TORONTO, March 25, 2013 /CNW/ - Tuition, youth unemployment, and student mental health supports are important issues for Ontarians according the results of a survey released today by the Ontario Undergraduate Student Alliance (OUSA). Entitled "Public Opinion on Tuition, Youth Unemployment, and Efforts to Support Students Living with Mental Illness in Ontario," the survey, conducted by Nanos Research on OUSA's behalf, details the opinion of a random sample of Ontarians on these issues.
The results indicate that an overwhelming majority of Ontarians believe that the current tuition framework of 5% annual tuition increases is unfair.

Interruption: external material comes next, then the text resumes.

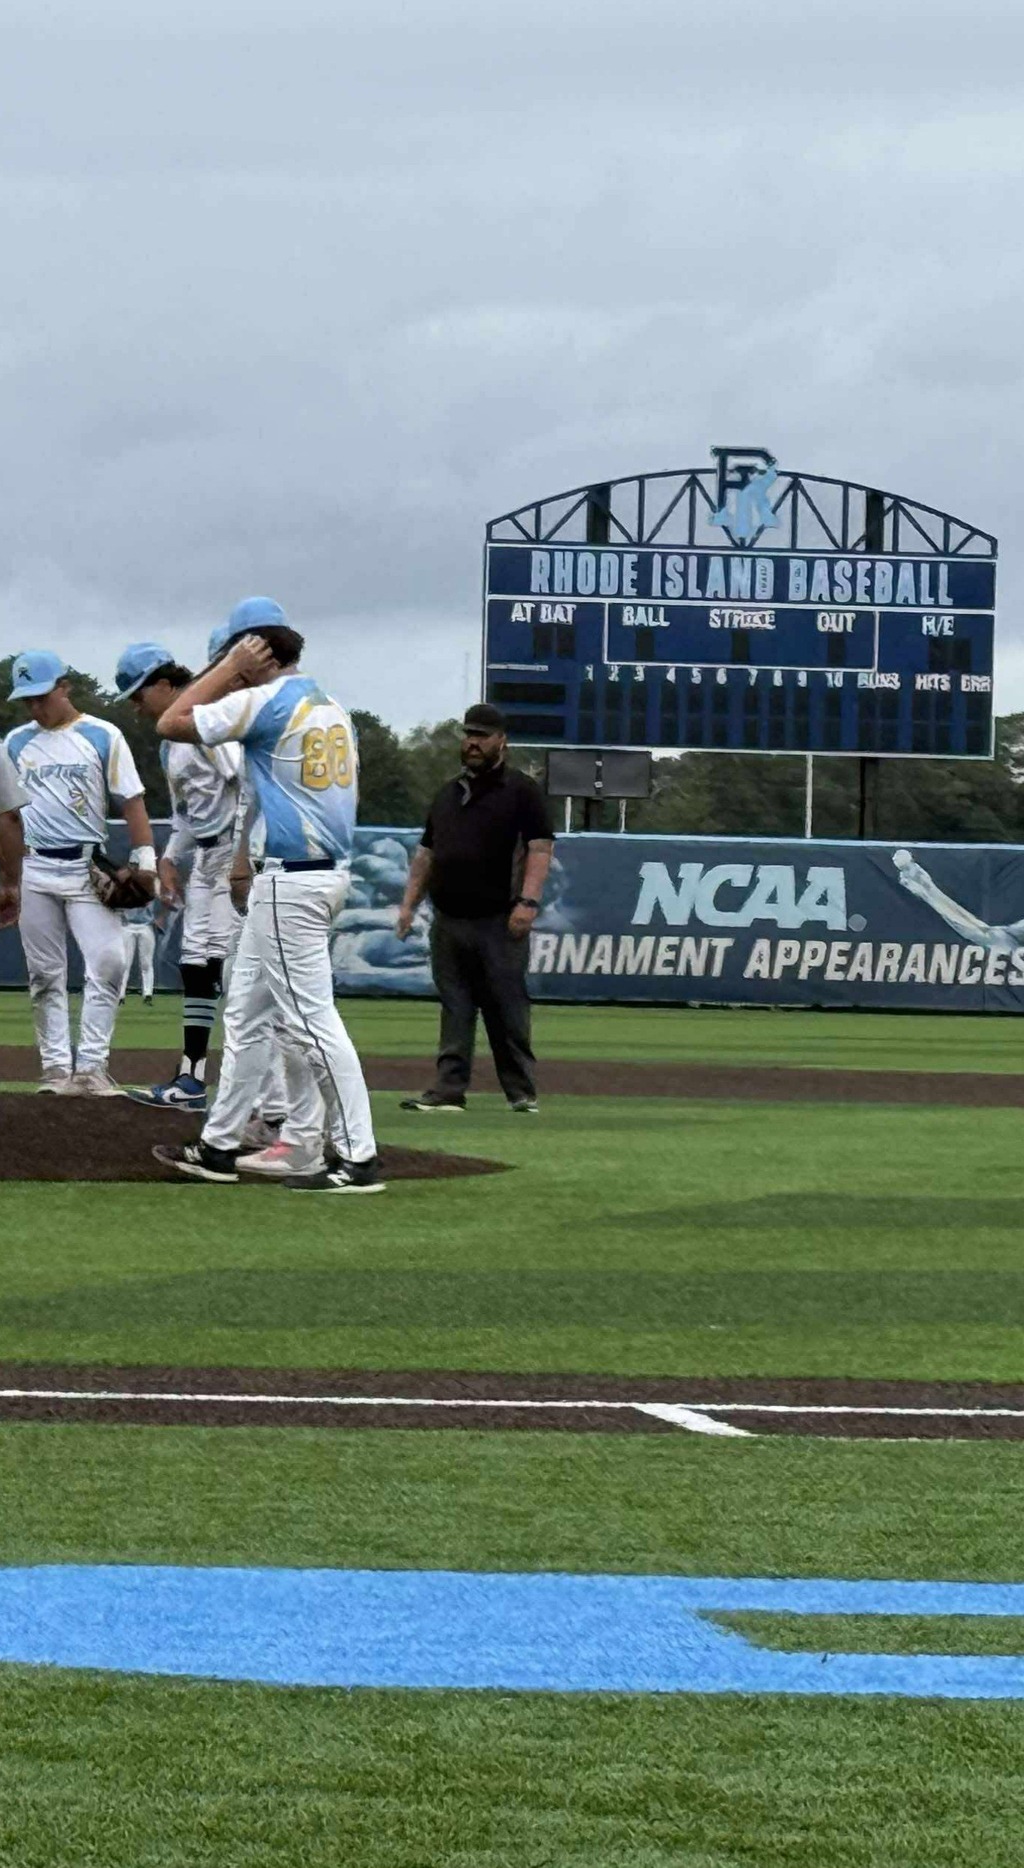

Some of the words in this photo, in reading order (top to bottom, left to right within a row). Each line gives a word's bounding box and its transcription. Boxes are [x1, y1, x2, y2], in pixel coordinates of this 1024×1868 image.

Even when reminded of the current provincial deficit, when asked if they would be supportive of a tuition freeze accompanied by increased government funding to universities, almost 60% of respondents supported this measure.
Ontarians were also asked to provide their opinion on tying subsequent tuition increases to inflation, with 70.8% of respondents agreeing that should tuition increase in the future, it should be by no more than the rate of inflation as measured by Ontario's Consumer Price Index.
"Ontarians recognize that our province has the least affordable tuition in the country," said Alysha Li, President of OUSA. "Support for a more affordable tuition framework, including an immediate tuition freeze, strongly exists in Ontario."
Survey respondents also indicated that they would be supportive of new government investment into strategies for addressing high youth unemployment rates in Ontario. Approximately three out of four respondents noted that they would be supportive of a new $100 million investment into initiatives targeting youth unemployment by the provincial government, despite Ontario's deficit reduction targets.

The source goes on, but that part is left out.